“To design an interaction you must commit to writing a narrative of human behavior mediated through time and space.”
To discuss social media strategy in the context of design choices affecting application design, functions, as well as user-centricity in social media design, the unique attributes of online communication which can only steer individual and aggregate engagement within the social network through cues, incentives and community enforced social norms must be well understood. Further, to discuss strategy and design patterns in social media site architecture/design and their impact on human behavior requires at the very least a general understanding of the writing on topics concerning sociology, social networking theory, anthropology and marketing. Taken one step further — to adequately advise companies seeking to leverage social media effectively as part of their customer communications and marketing strategy requires a rigorous, and not haphazard understanding of these new channels – attributes unique to them, because they are social in nature.

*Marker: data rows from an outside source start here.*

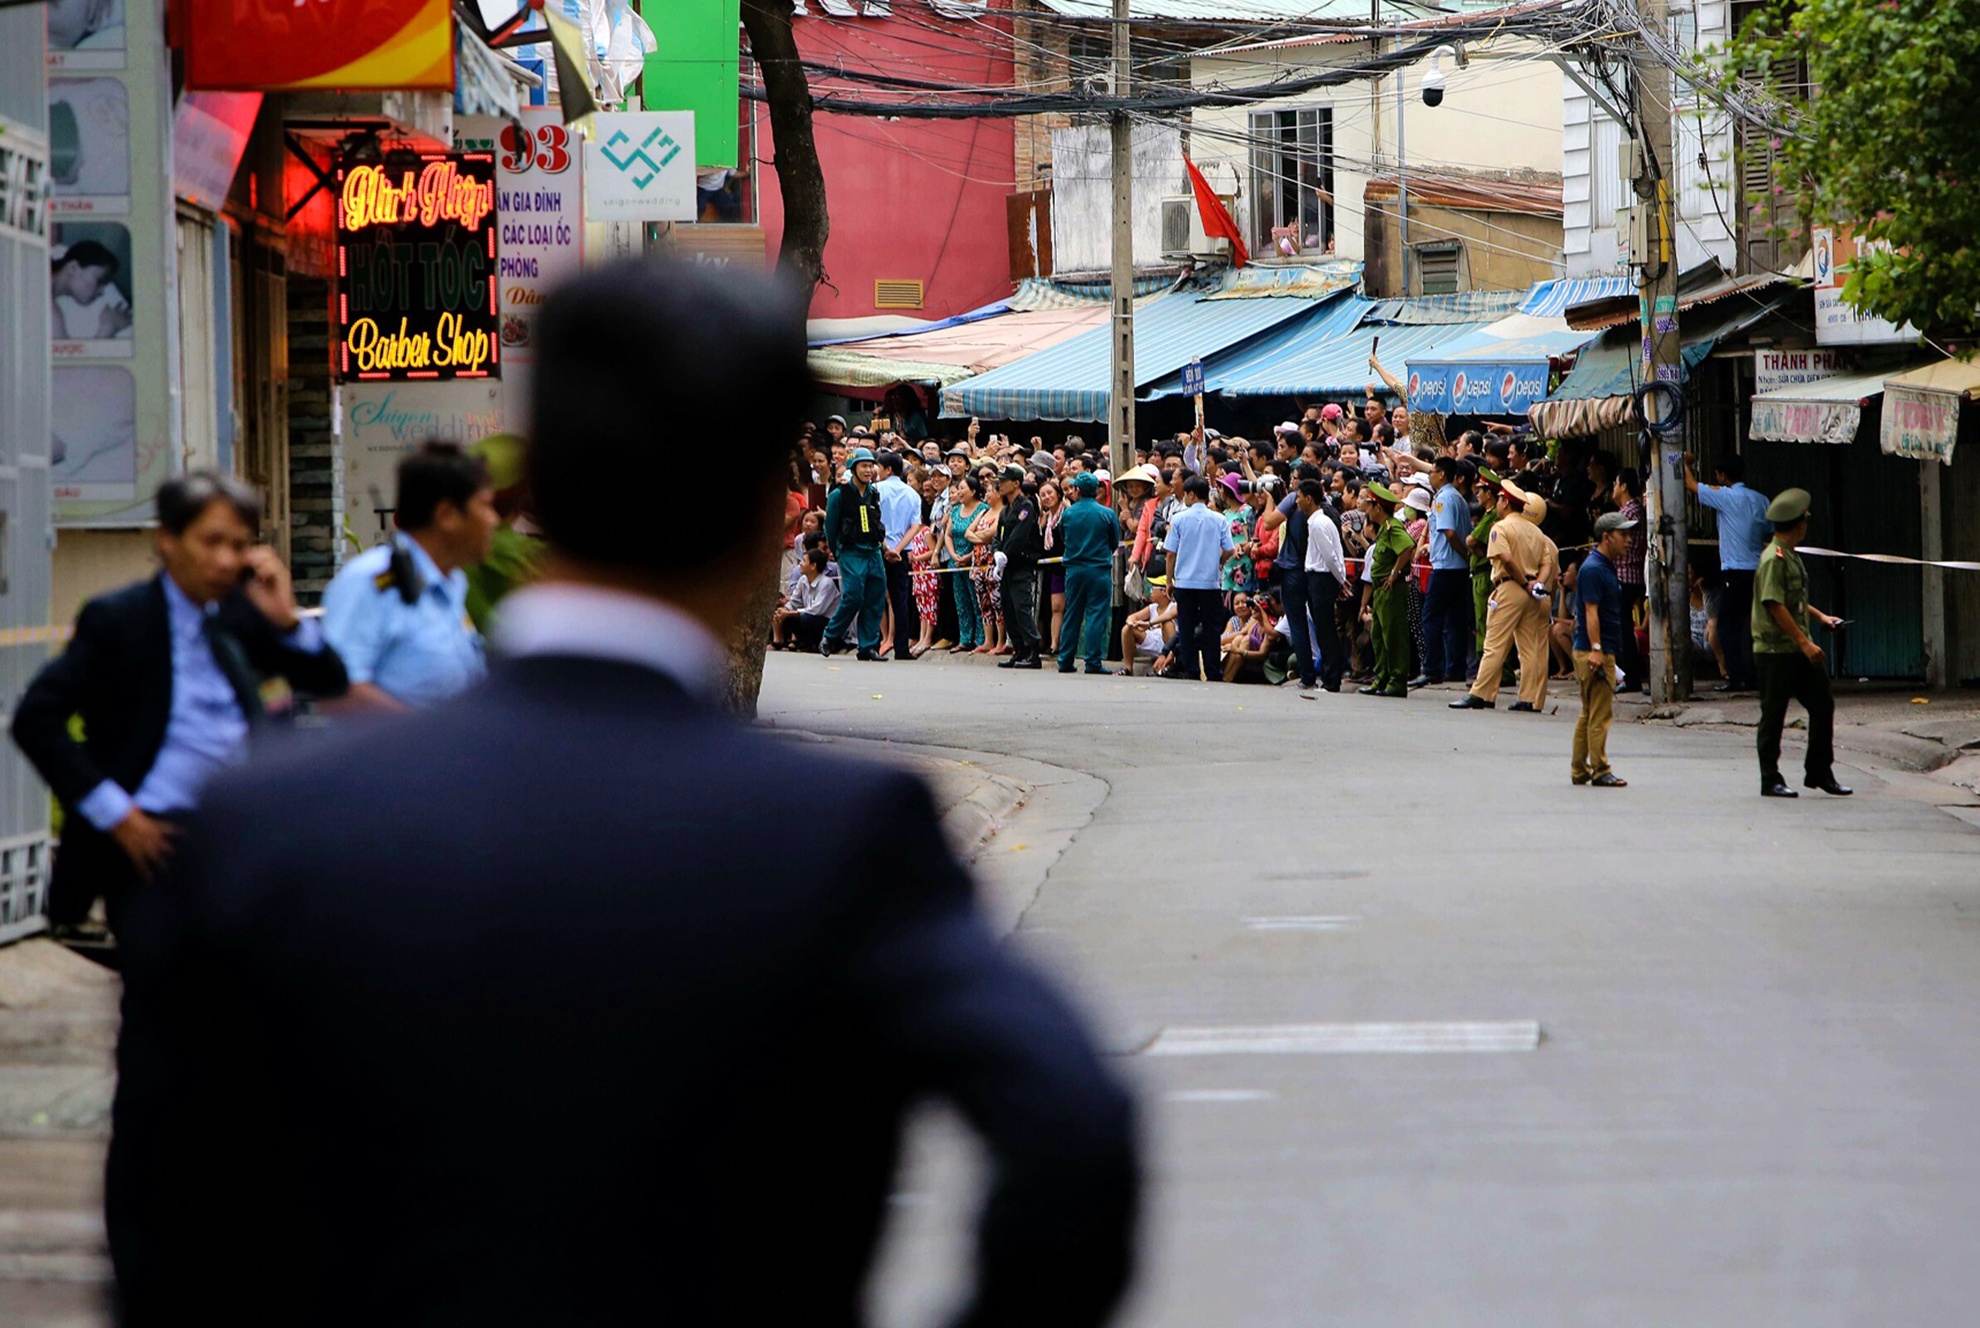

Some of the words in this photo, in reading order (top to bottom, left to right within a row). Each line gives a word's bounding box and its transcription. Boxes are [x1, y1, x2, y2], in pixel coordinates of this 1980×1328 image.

[500, 124, 571, 174] 93
[513, 191, 531, 211] GIA
[534, 186, 562, 212] ĐÌNH
[503, 219, 525, 245] CÁC
[528, 224, 553, 252] LOẠI
[556, 216, 571, 245] ỐC
[349, 226, 414, 312] HỚT
[417, 224, 486, 312] TÓC
[500, 251, 539, 278] PHÒNG
[348, 316, 431, 371] Barber
[432, 311, 489, 373] Shop
[1763, 352, 1808, 371] THÀNH
[1421, 377, 1447, 400] pepsi
[1466, 376, 1492, 400] pepsi
[1515, 376, 1543, 400] pepsi
[350, 388, 431, 438] Saigon
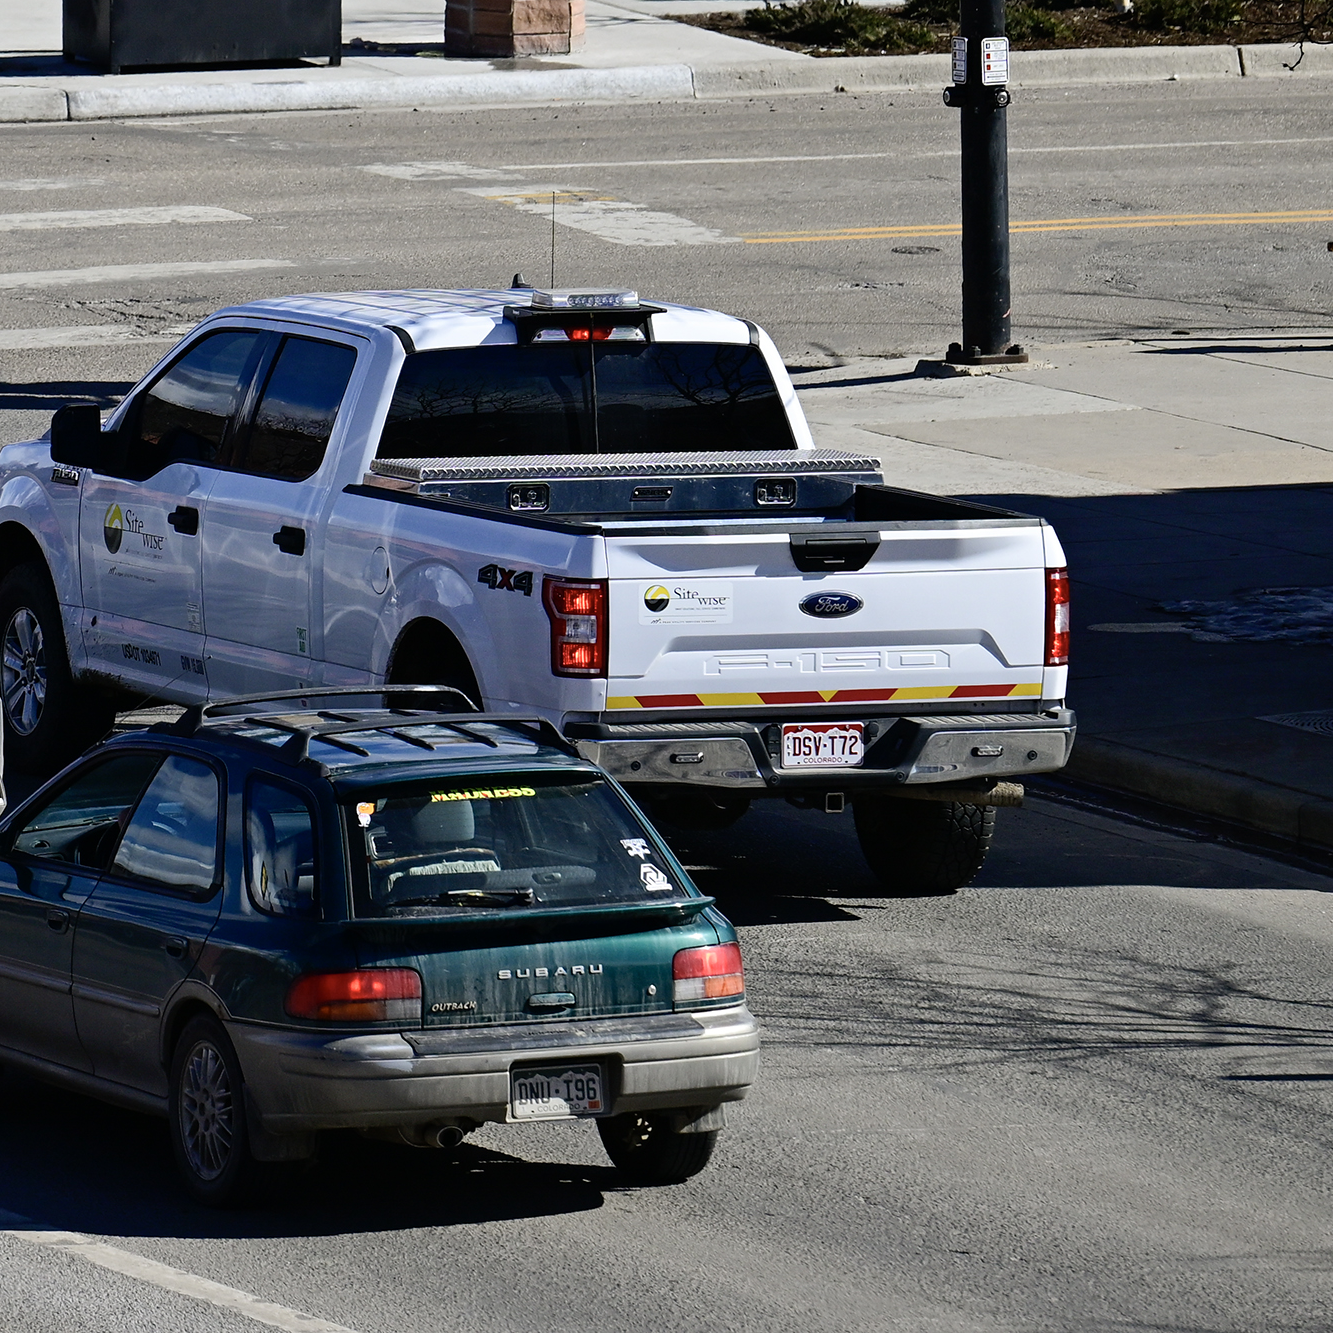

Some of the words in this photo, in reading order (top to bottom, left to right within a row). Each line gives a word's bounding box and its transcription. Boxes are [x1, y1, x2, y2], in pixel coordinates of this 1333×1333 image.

Until now, at least, I have not seen a list compiled of essential reading. Many people herald themselves and promote others as ‘experts’ and ‘gurus’ when it comes to social software, social media, and the design of strategies, platforms and solutions around these topics for enterprises and government entitites. I thought to myself that this expertise must be born of something more significant and tangible than simply writing a blog about the topic, or having a vast number of connections (friends?) on Facebook or Twitter. I needed some metric, some standard by which I could discern charlatans from strategists. This is my measuring stick. When I rant/rage/ruminate about social media douchebags, I should define my terms and set my standards. This list is an effort to do so. You certainly don’t need to read these – but these are how I measure. To toss around social media douchebag with no standard by which to hurl such an accusation would be as intellectually bankrupt as those that would seek to raid the coffers of well-meaning companies without the skill, passion, or empathy required to deliver real results. This is my list. This is my yard stick.
Needless to say, I just included the Amazon.com reviews or descriptions for lack of time, but all these come highly recommended. These are definite (actually – not quite, but this is all I have read) – these are the shit!
If you have recommendations to add to this list – please chime in, because it’s important. This list is a living organism that must be fed.
13 Books You Must Read – Social Software, Social Networks and Social Media Primer
Designing for the Social Web (Voices That Matter)
Description: Josh is a web designer, researcher, and writer living in Newburyport, MA, USA. He run a web design and consulting company called Bokardo Design. From Amazon: No matter what type of web site or application you’re building, social interaction among the people who use it will be key to its success. They will talk about it, invite their friends, complain, sing its high praises, and dissect it in countless ways. With the right design strategy you can use this social interaction to get people signing up, coming back regularly, and bringing others into the fold. With tons of examples from real-world interfaces and a touch of the underlying social psychology theory, Joshua Porter shows you how to design your next great social web application.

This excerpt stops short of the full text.